How to Make Coriander Oil – Easy, Convenient and Tastes Wonderful
These wee fellers are springing up in my garden in a frenzy of wholly unanticipated early autumnal action (My history of coriander sativa cultivation has been patchy to say the least).
So I decided to make up some coriander oil, an all-purpose beauty that serves well as a dressing or for cooking with. Coriander seems to have as many detractors as fans (that’s cilantro for my transatlantic buddies) but I can’t get enough of the stuff.
Here’s a swift how-to: Prepare a pan of boiling water, and a bowl of ice water. Plunge the coriander into the boiling water for all of eight seconds, then put it immediately into the ice water, then strain off the water.
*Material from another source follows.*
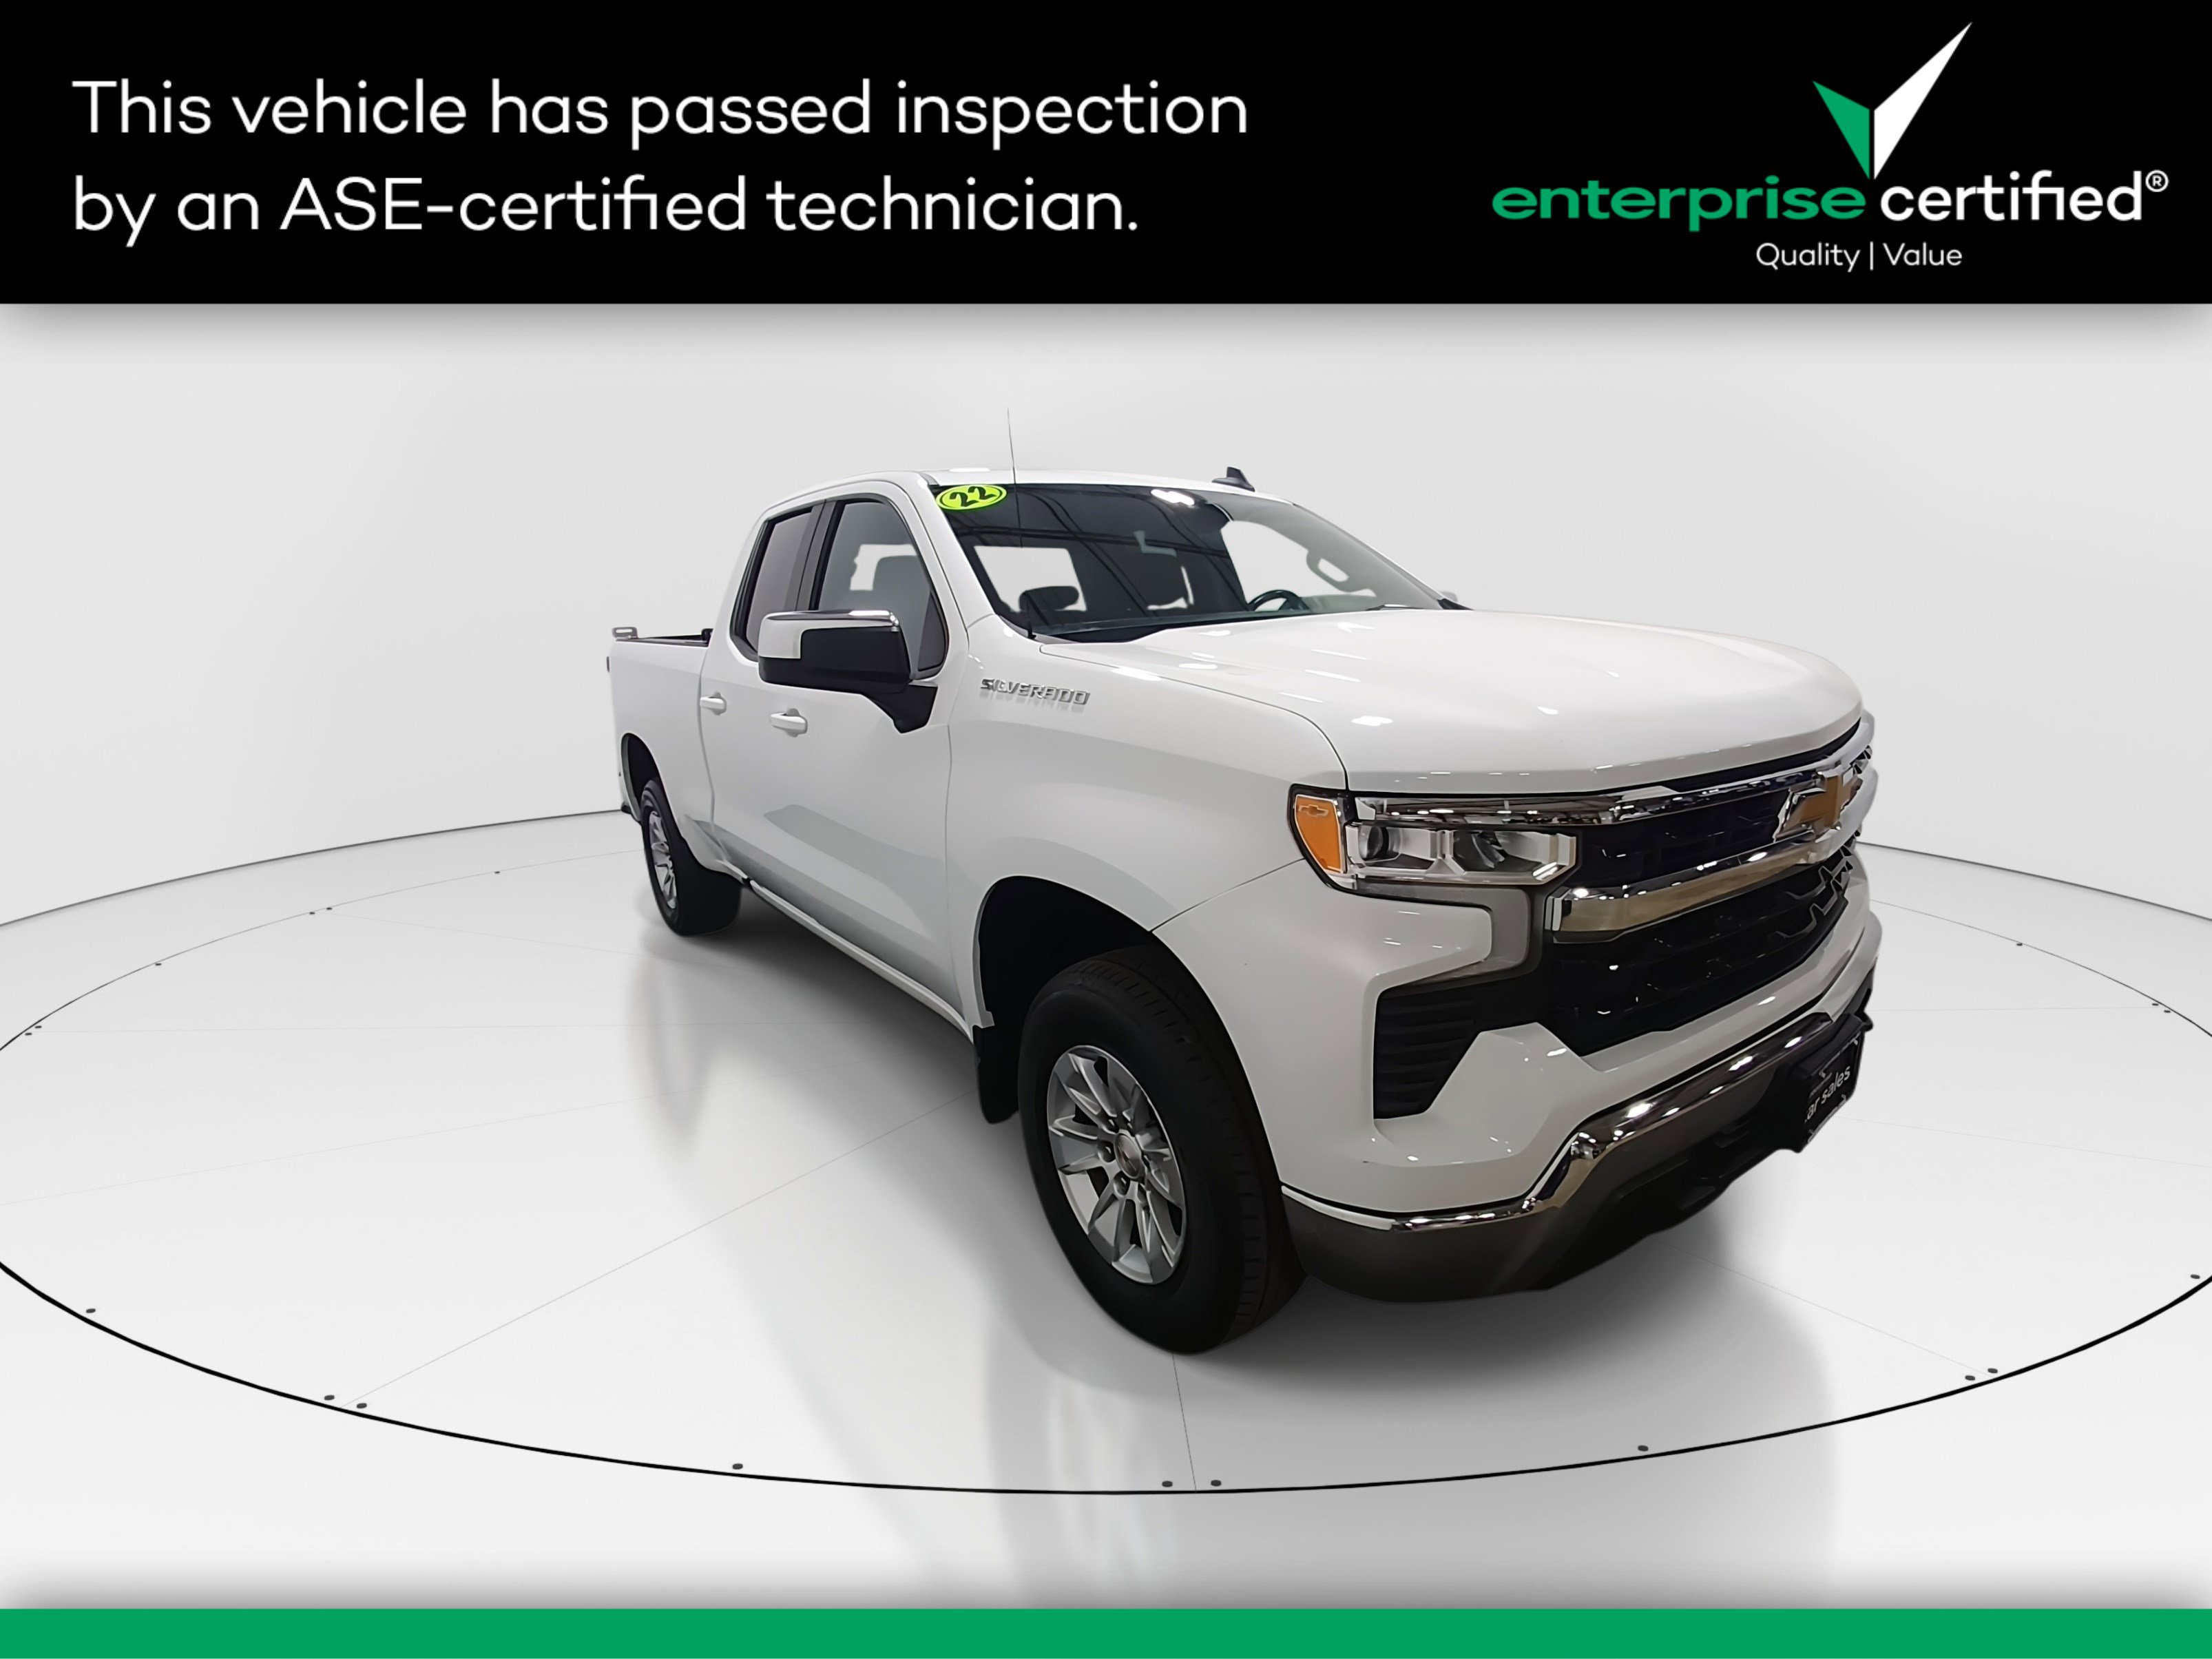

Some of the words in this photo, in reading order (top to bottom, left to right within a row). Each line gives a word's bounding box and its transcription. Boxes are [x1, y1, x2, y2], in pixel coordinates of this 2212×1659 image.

[949, 486, 997, 507] 22
[980, 679, 1090, 705] SILVERADO
[1821, 1065, 1850, 1104] sales
This ensures that the coriander retains its bright green colour.
You can just pat off the excess water now, but I prefer to sun-dry it when the weather permits (as it did this morning).
Then combine equal amounts of extra-virgin olive oil and a lighter vegetable oil of your choice. As I happened to have some lying around, I used safflower oil. Quantities depend on how much coriander you have; around 50ml of each did me fine. The less oil you use, the stronger the resultant taste. There is the option to strain it through a sieve, but I can never be bothered.
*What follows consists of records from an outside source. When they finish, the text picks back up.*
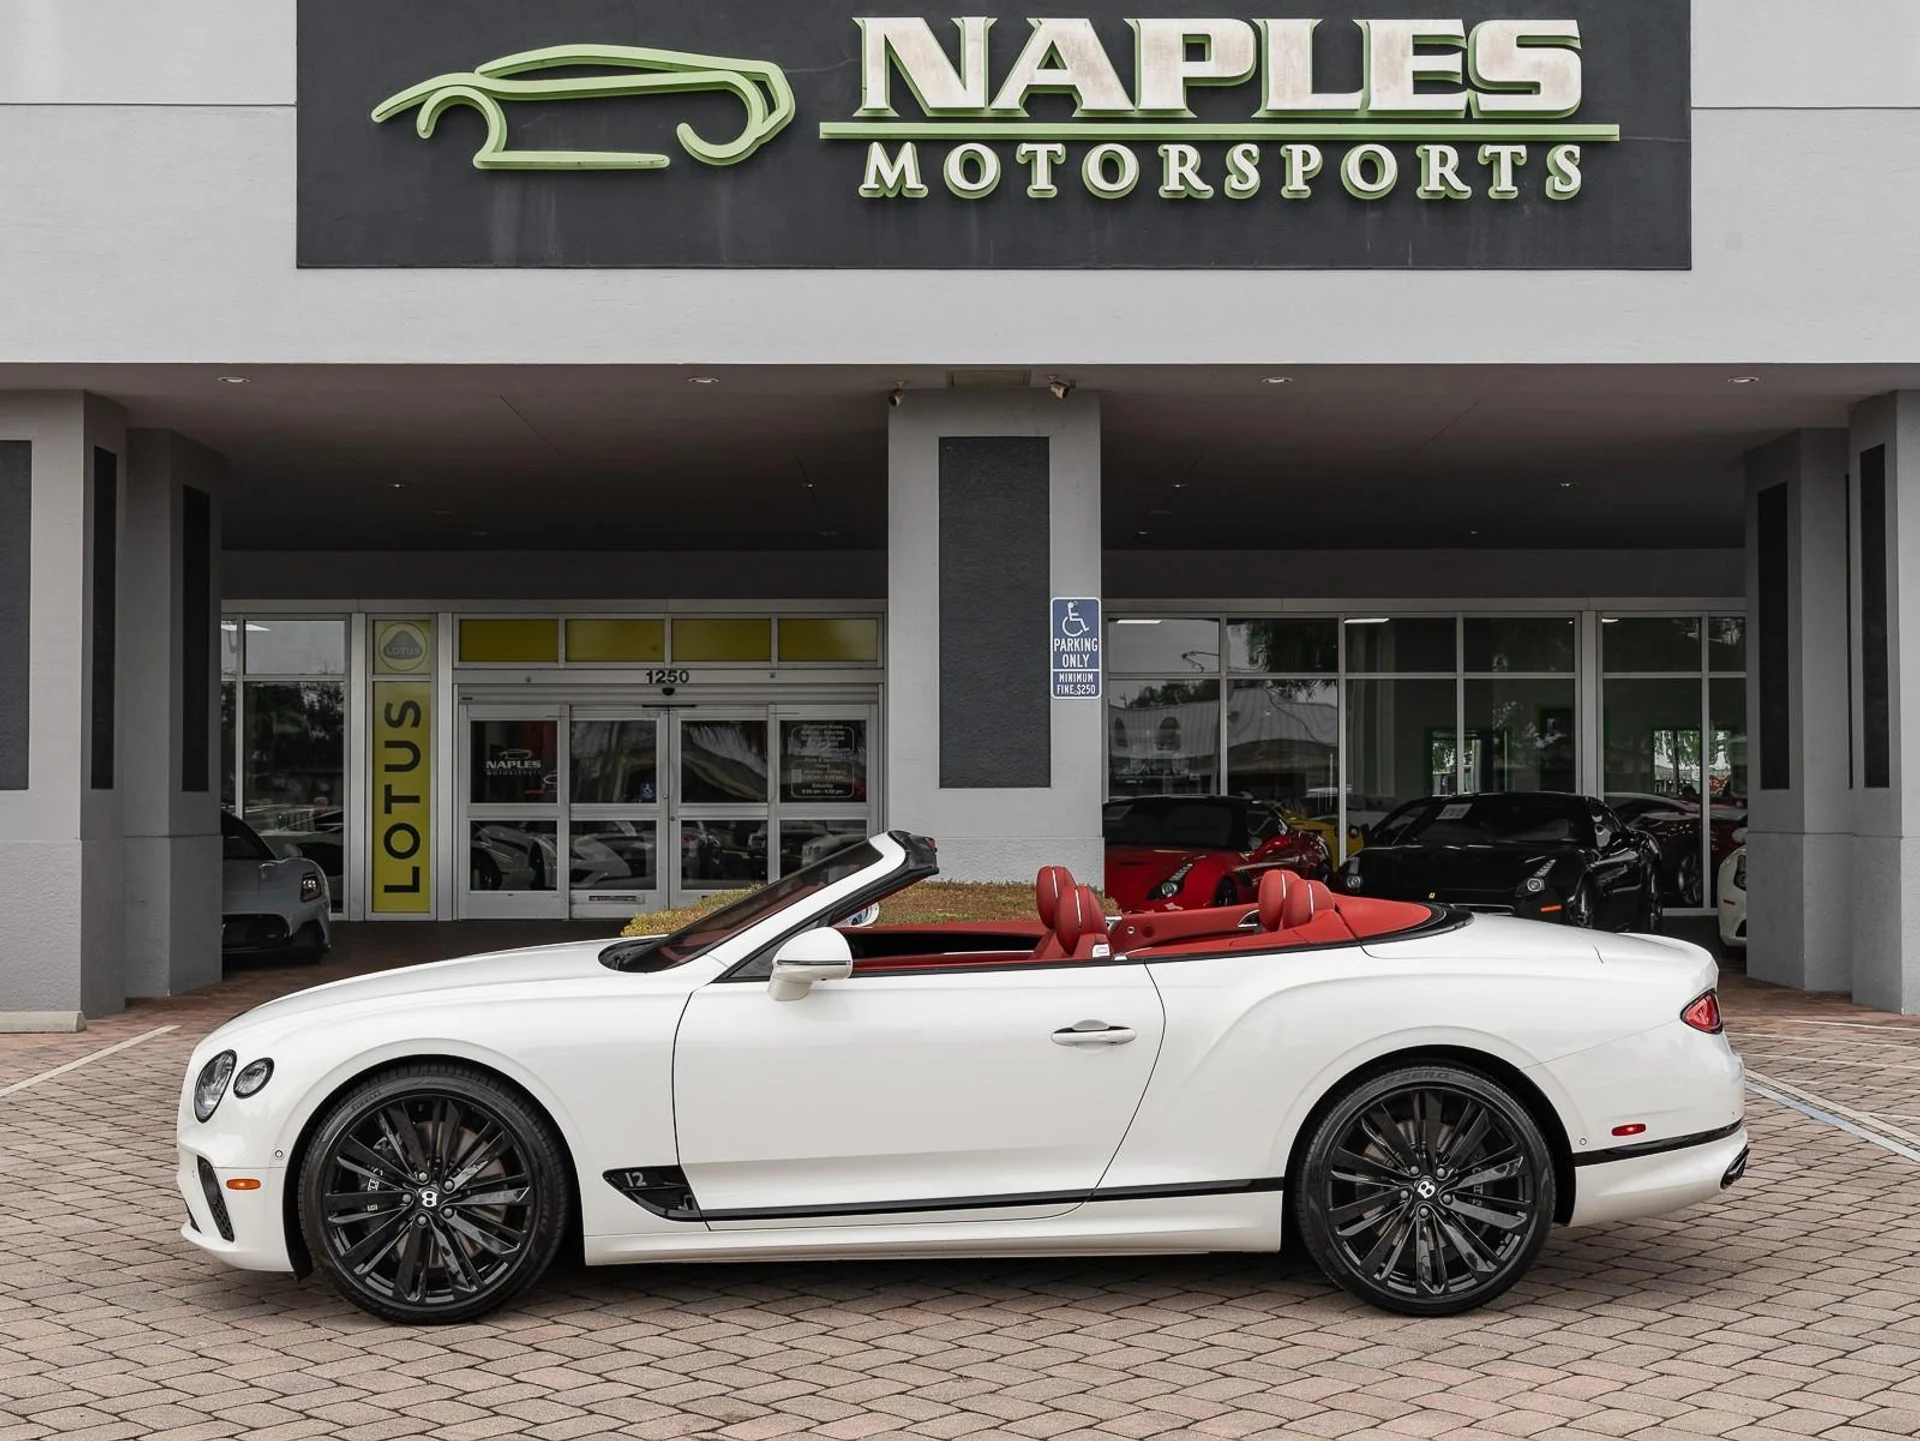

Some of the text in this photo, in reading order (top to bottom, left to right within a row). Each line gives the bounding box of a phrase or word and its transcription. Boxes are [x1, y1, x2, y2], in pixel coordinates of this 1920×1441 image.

[852, 17, 1581, 119] NAPLES
[858, 142, 1582, 200] MOTORSPORTS
[1053, 638, 1098, 652] PARKING
[1062, 654, 1089, 668] ONLY
[646, 670, 690, 684] 1250
[1059, 673, 1093, 683] MINIMUM
[1057, 685, 1096, 695] FINE $250
[486, 760, 541, 769] NAPLES
[384, 700, 421, 893] LOTUS
[625, 1172, 647, 1187] 12
Then blend the whole lot together with a clove of garlic, and a liberal sprinkling of ground black pepper, and sea salt. I like to add just a dash of sansho Szechuan pepper too. Et voila!
Store in a cold place and it should be ready for use after about a week. A little goes quite a long way. Nice with eggs, poultry, fish, and in onion raita and other Indian dishes. Mix it with coconut for a very South Indian taste. In the hot summer months consider upping the ratio of lighter oil, and including mint. It serves as the basis of a great vinaigrette.